EXERCISE DETAILS: Pictures should be left out while the data beneath this task is written out word for word.

SUPPLIED ENTRIES:
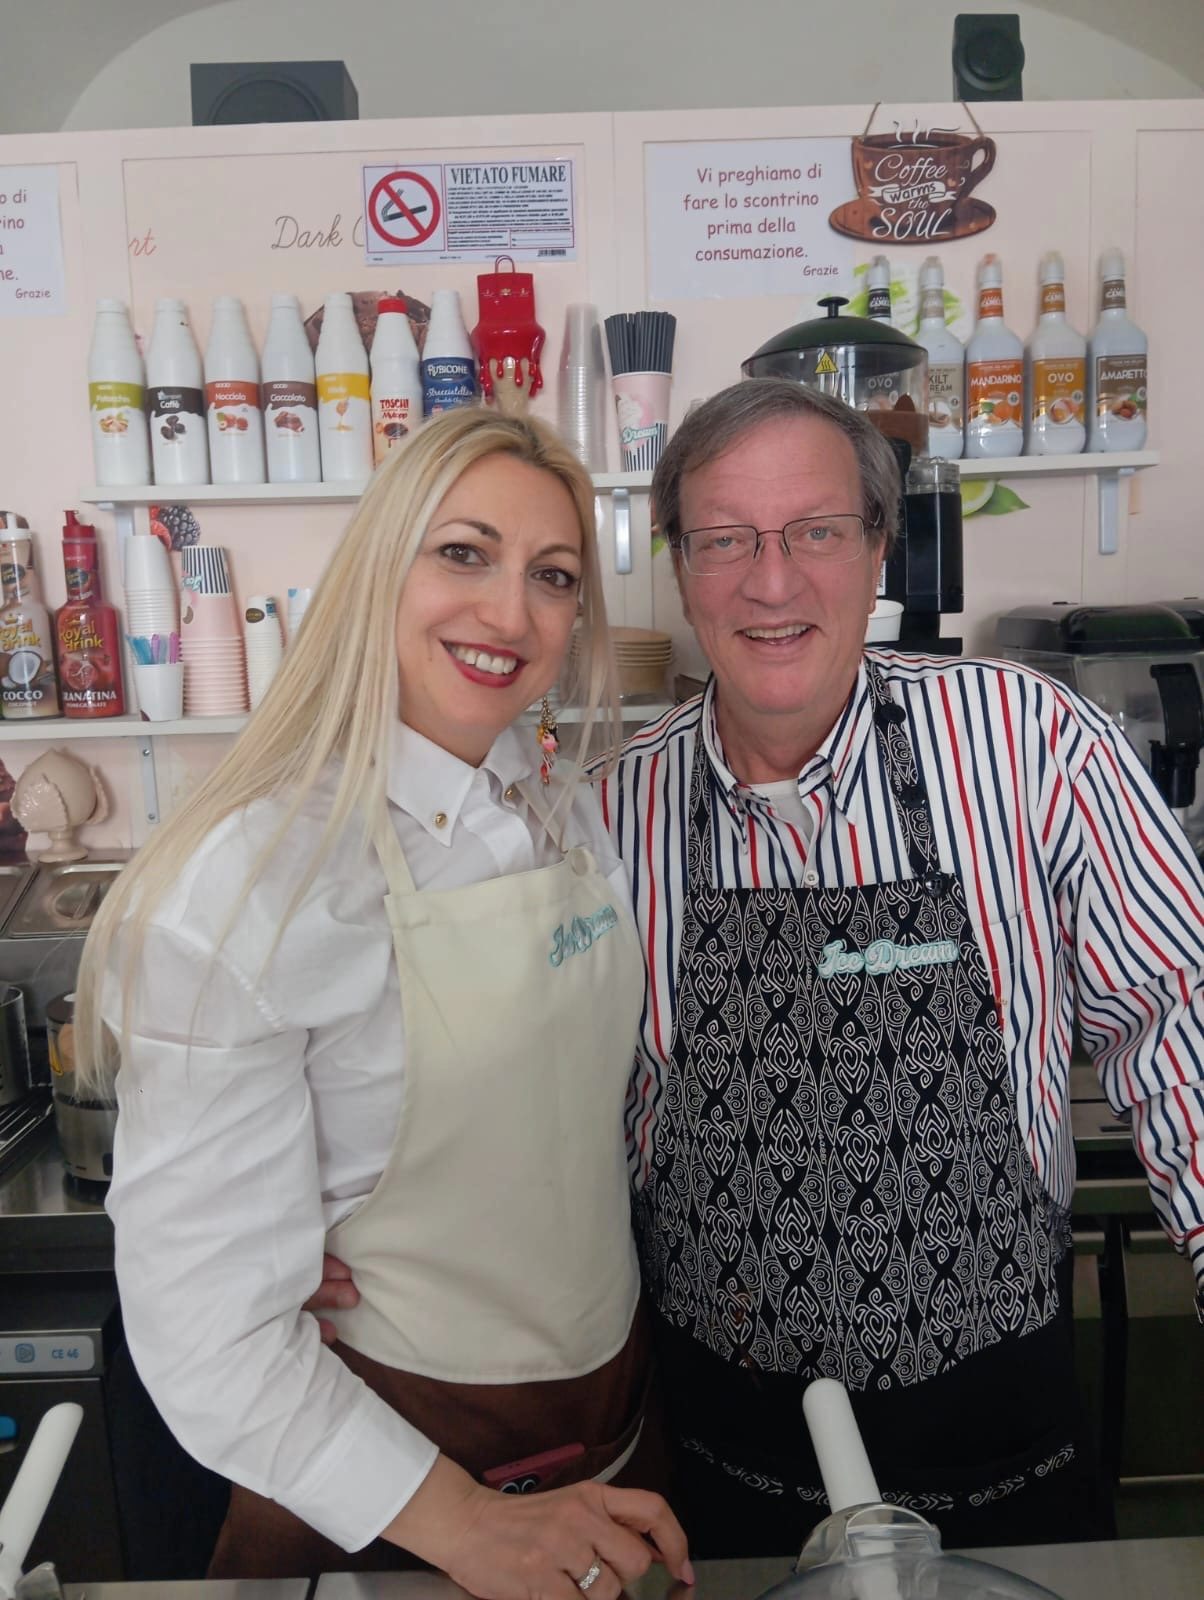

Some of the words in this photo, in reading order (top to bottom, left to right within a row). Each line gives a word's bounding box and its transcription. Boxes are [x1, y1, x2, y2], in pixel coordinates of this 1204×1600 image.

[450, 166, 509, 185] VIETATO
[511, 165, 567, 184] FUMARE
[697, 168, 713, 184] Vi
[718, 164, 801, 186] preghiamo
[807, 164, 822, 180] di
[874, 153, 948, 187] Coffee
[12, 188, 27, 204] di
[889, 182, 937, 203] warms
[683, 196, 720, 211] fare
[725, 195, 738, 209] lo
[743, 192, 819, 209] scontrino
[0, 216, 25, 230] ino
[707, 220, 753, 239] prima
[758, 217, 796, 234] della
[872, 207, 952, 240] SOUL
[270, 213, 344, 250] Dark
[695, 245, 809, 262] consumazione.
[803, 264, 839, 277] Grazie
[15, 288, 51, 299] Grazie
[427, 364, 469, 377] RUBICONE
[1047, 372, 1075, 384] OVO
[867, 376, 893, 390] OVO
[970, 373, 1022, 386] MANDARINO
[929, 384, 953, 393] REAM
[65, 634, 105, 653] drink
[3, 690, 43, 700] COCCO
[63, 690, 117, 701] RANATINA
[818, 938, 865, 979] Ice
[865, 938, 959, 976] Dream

WRITTEN REPLY:
Some of the words in this photo, in reading order (top to bottom, left to right within a row). Each line gives a word's bounding box and its transcription. Boxes are [x1, y1, x2, y2], in pixel coordinates of this 1204×1600 image.

[450, 166, 509, 185] VIETATO
[511, 165, 567, 184] FUMARE
[697, 168, 713, 184] Vi
[718, 164, 801, 186] preghiamo
[807, 164, 822, 180] di
[874, 153, 948, 187] Coffee
[12, 188, 27, 204] di
[889, 182, 937, 203] warms
[683, 196, 720, 211] fare
[725, 195, 738, 209] lo
[743, 192, 819, 209] scontrino
[0, 216, 25, 230] ino
[707, 220, 753, 239] prima
[758, 217, 796, 234] della
[872, 207, 952, 240] SOUL
[270, 213, 344, 250] Dark
[695, 245, 809, 262] consumazione.
[803, 264, 839, 277] Grazie
[15, 288, 51, 299] Grazie
[427, 364, 469, 377] RUBICONE
[1047, 372, 1075, 384] OVO
[867, 376, 893, 390] OVO
[970, 373, 1022, 386] MANDARINO
[929, 384, 953, 393] REAM
[65, 634, 105, 653] drink
[3, 690, 43, 700] COCCO
[63, 690, 117, 701] RANATINA
[818, 938, 865, 979] Ice
[865, 938, 959, 976] Dream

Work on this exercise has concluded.